▶ _Exercise directions_: Repeat the lines of the data exactly and exclude any picture among them.
-- Records provided follows --
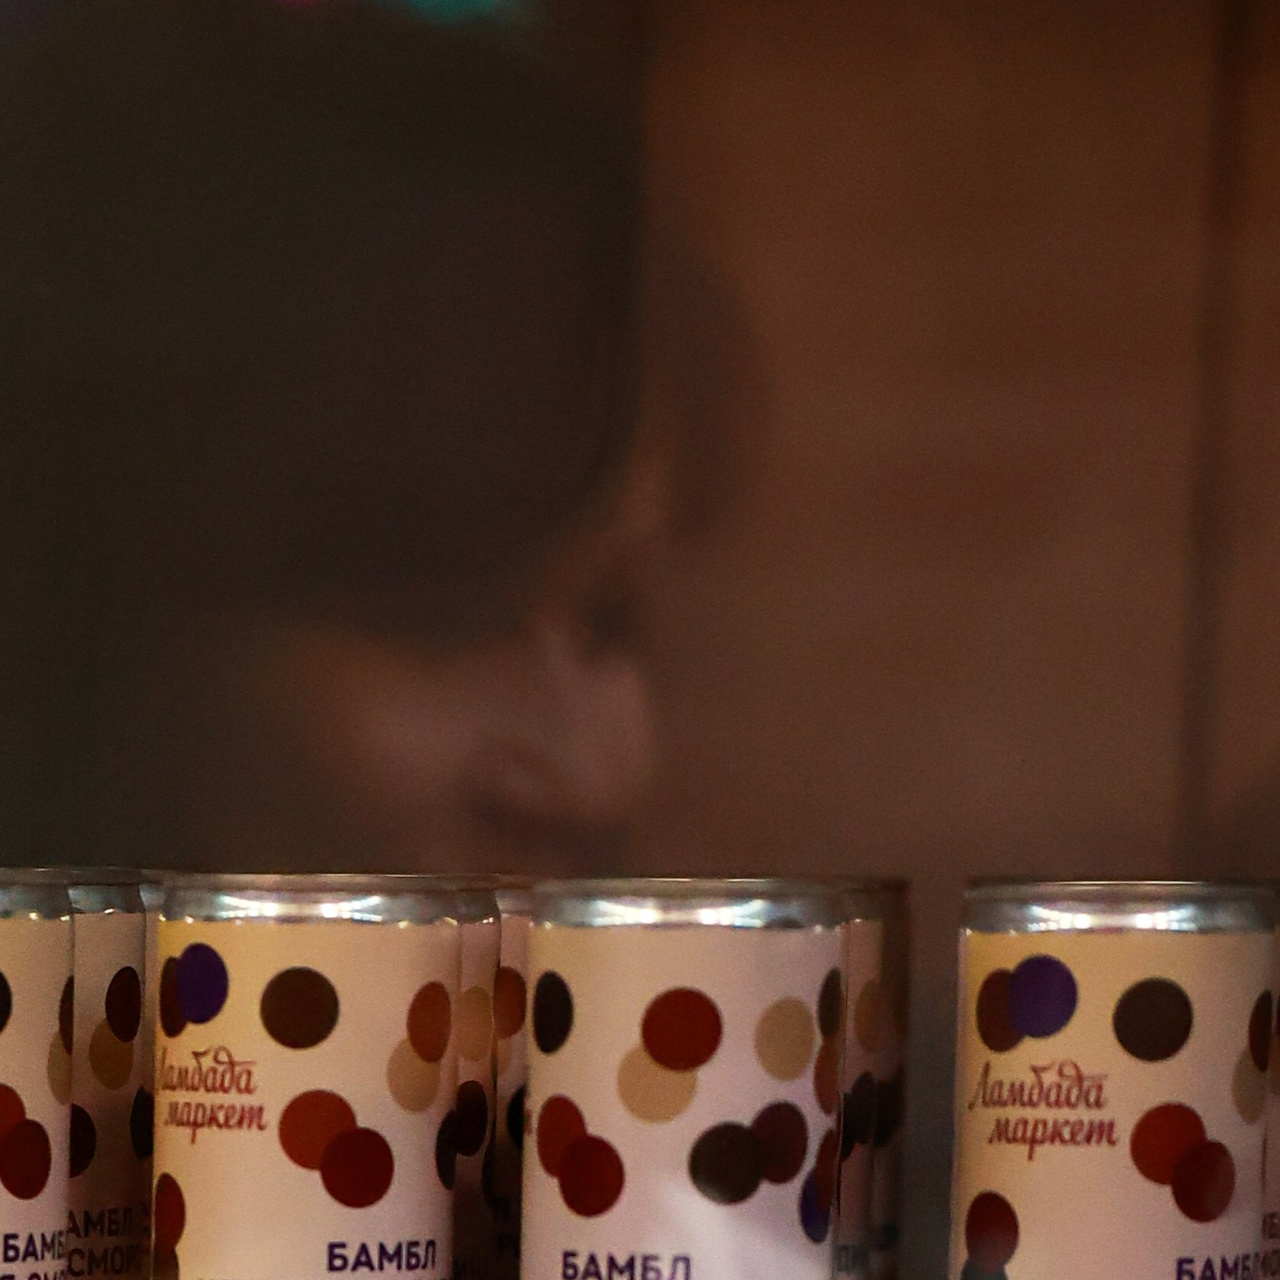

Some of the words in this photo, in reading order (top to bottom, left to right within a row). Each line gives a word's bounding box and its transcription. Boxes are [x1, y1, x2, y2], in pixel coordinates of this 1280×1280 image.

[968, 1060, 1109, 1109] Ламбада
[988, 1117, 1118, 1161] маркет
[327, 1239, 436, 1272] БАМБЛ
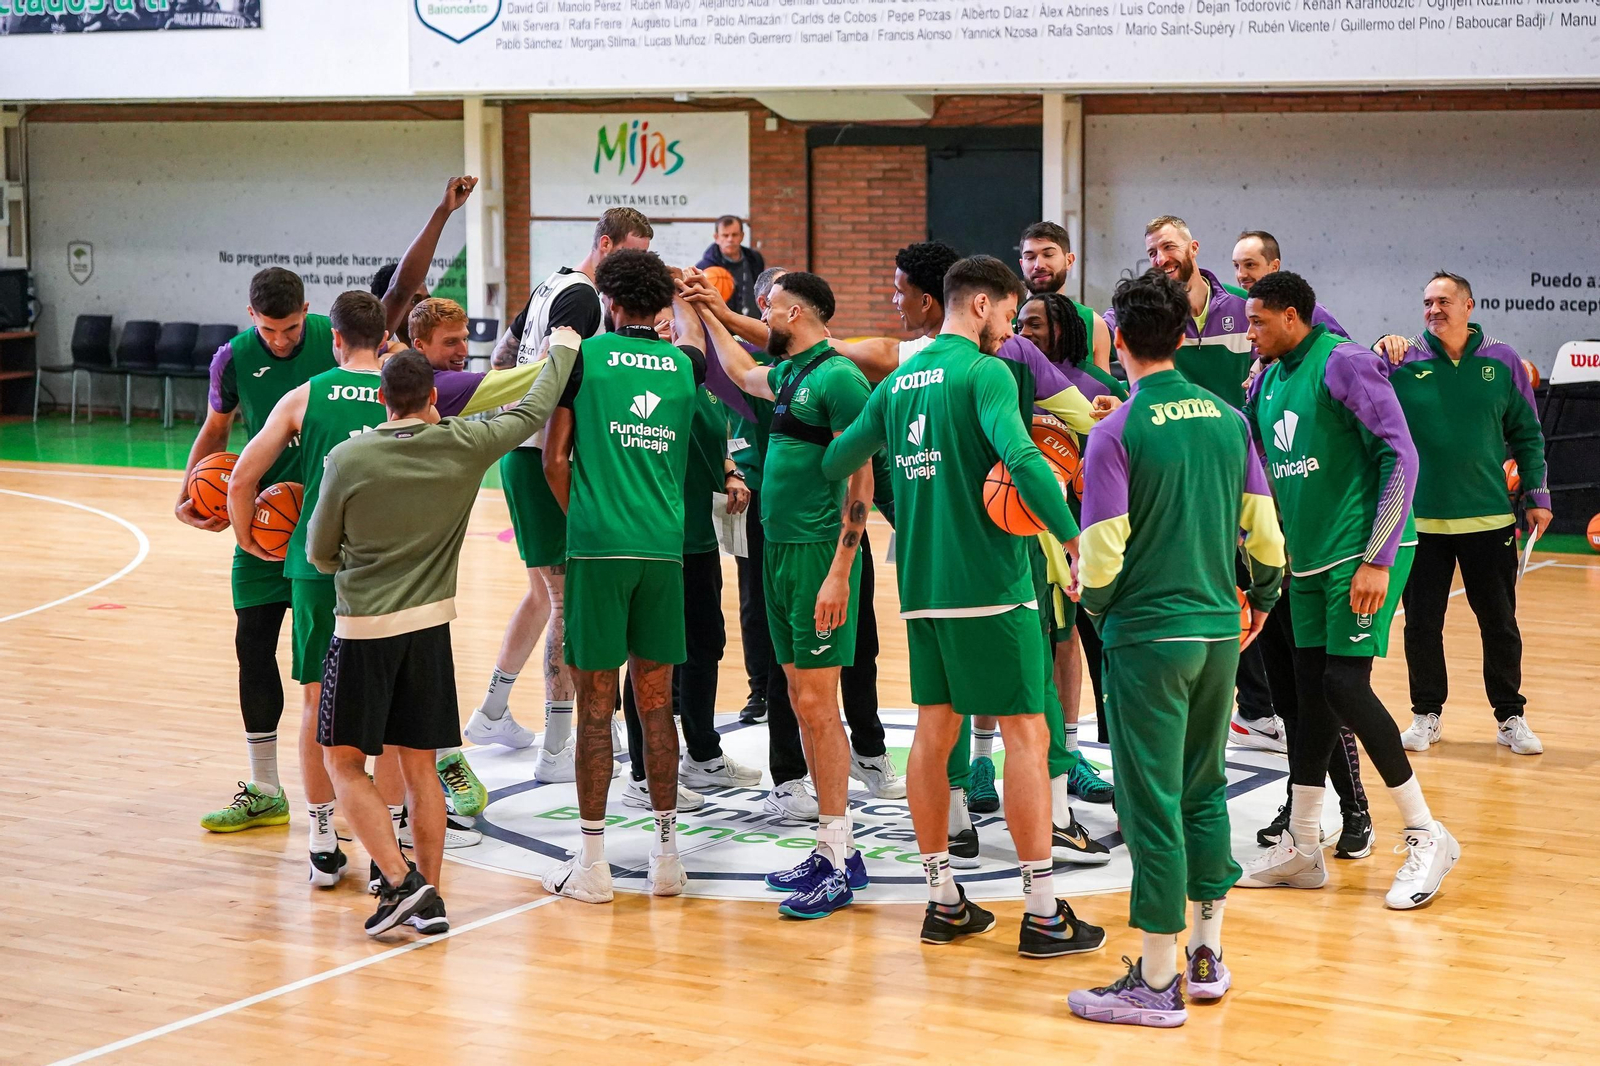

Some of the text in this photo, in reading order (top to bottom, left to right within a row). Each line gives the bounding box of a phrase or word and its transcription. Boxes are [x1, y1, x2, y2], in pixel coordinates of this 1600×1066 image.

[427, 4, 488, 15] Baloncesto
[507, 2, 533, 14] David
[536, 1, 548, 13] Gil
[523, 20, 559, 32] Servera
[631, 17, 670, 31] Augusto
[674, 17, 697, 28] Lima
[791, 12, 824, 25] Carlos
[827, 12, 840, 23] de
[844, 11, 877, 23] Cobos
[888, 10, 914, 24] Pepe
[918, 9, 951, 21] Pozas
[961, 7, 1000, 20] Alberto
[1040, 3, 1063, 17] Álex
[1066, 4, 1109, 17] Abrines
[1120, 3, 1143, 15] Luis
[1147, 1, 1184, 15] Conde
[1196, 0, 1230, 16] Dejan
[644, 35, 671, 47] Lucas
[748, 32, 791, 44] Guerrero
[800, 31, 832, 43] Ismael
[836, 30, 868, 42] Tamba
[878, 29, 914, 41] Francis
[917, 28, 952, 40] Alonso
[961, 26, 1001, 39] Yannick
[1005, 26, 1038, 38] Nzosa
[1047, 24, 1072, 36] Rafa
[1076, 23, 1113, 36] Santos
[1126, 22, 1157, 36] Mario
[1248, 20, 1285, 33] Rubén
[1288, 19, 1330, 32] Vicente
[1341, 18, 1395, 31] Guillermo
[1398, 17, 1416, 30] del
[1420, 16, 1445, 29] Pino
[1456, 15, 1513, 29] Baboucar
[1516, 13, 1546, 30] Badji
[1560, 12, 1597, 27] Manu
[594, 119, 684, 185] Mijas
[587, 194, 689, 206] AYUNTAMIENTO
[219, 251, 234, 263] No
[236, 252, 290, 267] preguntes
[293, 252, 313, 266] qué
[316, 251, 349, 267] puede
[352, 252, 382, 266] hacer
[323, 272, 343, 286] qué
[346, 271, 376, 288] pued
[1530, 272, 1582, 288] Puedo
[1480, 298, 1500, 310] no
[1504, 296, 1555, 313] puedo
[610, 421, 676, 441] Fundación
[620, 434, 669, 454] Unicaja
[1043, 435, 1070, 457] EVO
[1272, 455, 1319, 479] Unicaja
-- Records provided concluded --
▶ _Your response_:
Some of the words in this photo, in reading order (top to bottom, left to right within a row). Each line gives a word's bounding box and its transcription. Boxes are [x1, y1, x2, y2], in pixel coordinates of this 1280×1280 image.

[968, 1060, 1109, 1109] Ламбада
[988, 1117, 1118, 1161] маркет
[327, 1239, 436, 1272] БАМБЛ

Some of the text in this photo, in reading order (top to bottom, left to right within a row). Each line gives the bounding box of a phrase or word and its transcription. Boxes are [x1, y1, x2, y2], in pixel coordinates of this 1600×1066 image.

[427, 4, 488, 15] Baloncesto
[507, 2, 533, 14] David
[536, 1, 548, 13] Gil
[523, 20, 559, 32] Servera
[631, 17, 670, 31] Augusto
[674, 17, 697, 28] Lima
[791, 12, 824, 25] Carlos
[827, 12, 840, 23] de
[844, 11, 877, 23] Cobos
[888, 10, 914, 24] Pepe
[918, 9, 951, 21] Pozas
[961, 7, 1000, 20] Alberto
[1040, 3, 1063, 17] Álex
[1066, 4, 1109, 17] Abrines
[1120, 3, 1143, 15] Luis
[1147, 1, 1184, 15] Conde
[1196, 0, 1230, 16] Dejan
[644, 35, 671, 47] Lucas
[748, 32, 791, 44] Guerrero
[800, 31, 832, 43] Ismael
[836, 30, 868, 42] Tamba
[878, 29, 914, 41] Francis
[917, 28, 952, 40] Alonso
[961, 26, 1001, 39] Yannick
[1005, 26, 1038, 38] Nzosa
[1047, 24, 1072, 36] Rafa
[1076, 23, 1113, 36] Santos
[1126, 22, 1157, 36] Mario
[1248, 20, 1285, 33] Rubén
[1288, 19, 1330, 32] Vicente
[1341, 18, 1395, 31] Guillermo
[1398, 17, 1416, 30] del
[1420, 16, 1445, 29] Pino
[1456, 15, 1513, 29] Baboucar
[1516, 13, 1546, 30] Badji
[1560, 12, 1597, 27] Manu
[594, 119, 684, 185] Mijas
[587, 194, 689, 206] AYUNTAMIENTO
[219, 251, 234, 263] No
[236, 252, 290, 267] preguntes
[293, 252, 313, 266] qué
[316, 251, 349, 267] puede
[352, 252, 382, 266] hacer
[323, 272, 343, 286] qué
[346, 271, 376, 288] pued
[1530, 272, 1582, 288] Puedo
[1480, 298, 1500, 310] no
[1504, 296, 1555, 313] puedo
[610, 421, 676, 441] Fundación
[620, 434, 669, 454] Unicaja
[1043, 435, 1070, 457] EVO
[1272, 455, 1319, 479] Unicaja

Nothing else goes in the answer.